*What is required:* What you give back must match the data exactly, minus the pictures.

= Beginning of Section =

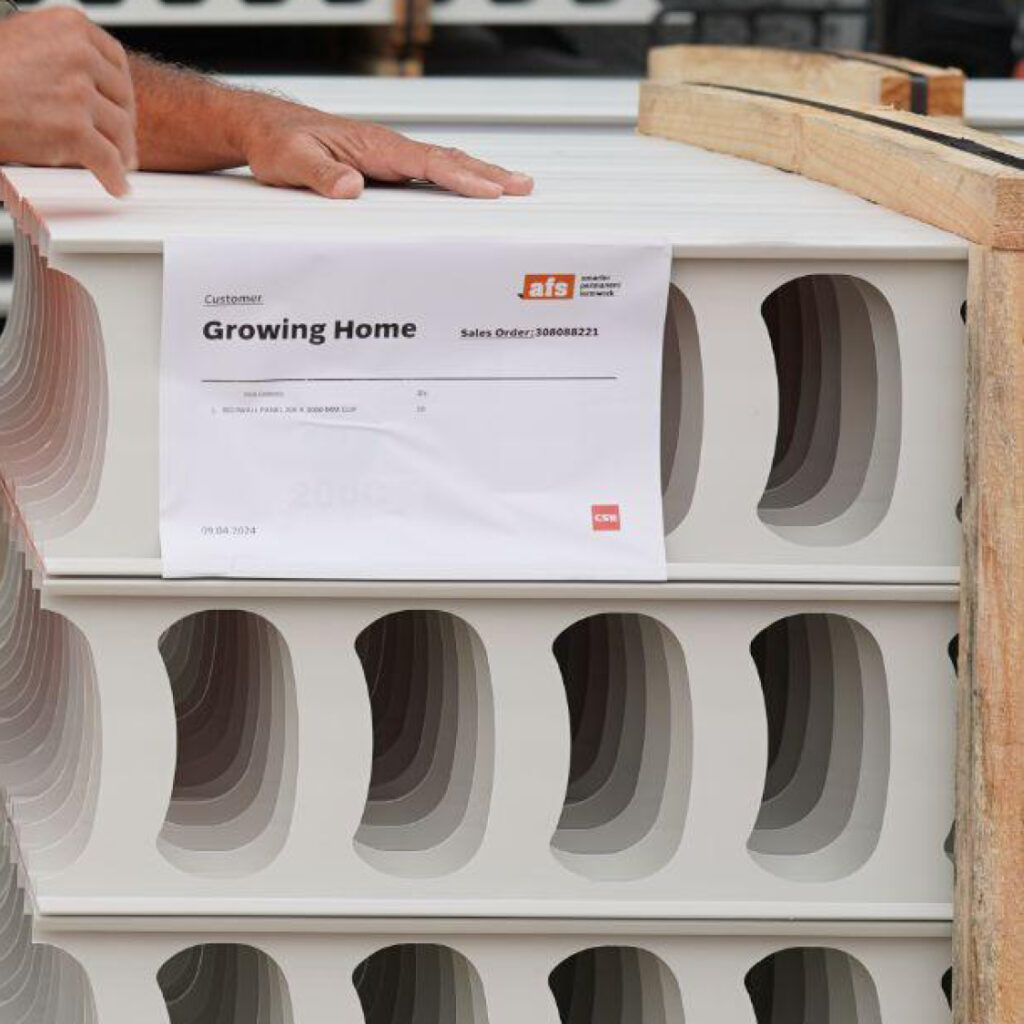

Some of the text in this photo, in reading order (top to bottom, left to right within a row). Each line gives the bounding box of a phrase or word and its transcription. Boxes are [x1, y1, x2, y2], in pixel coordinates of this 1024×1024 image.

[529, 276, 569, 298] afs
[204, 294, 263, 304] Customer
[202, 317, 417, 345] Growing Home
[460, 328, 492, 338] Sales

= End of Section =

*Output of the exercise:*
Some of the text in this photo, in reading order (top to bottom, left to right within a row). Each line gives the bounding box of a phrase or word and its transcription. Boxes are [x1, y1, x2, y2], in pixel coordinates of this 1024×1024 image.

[529, 276, 569, 298] afs
[204, 294, 263, 304] Customer
[202, 317, 417, 345] Growing Home
[460, 328, 492, 338] Sales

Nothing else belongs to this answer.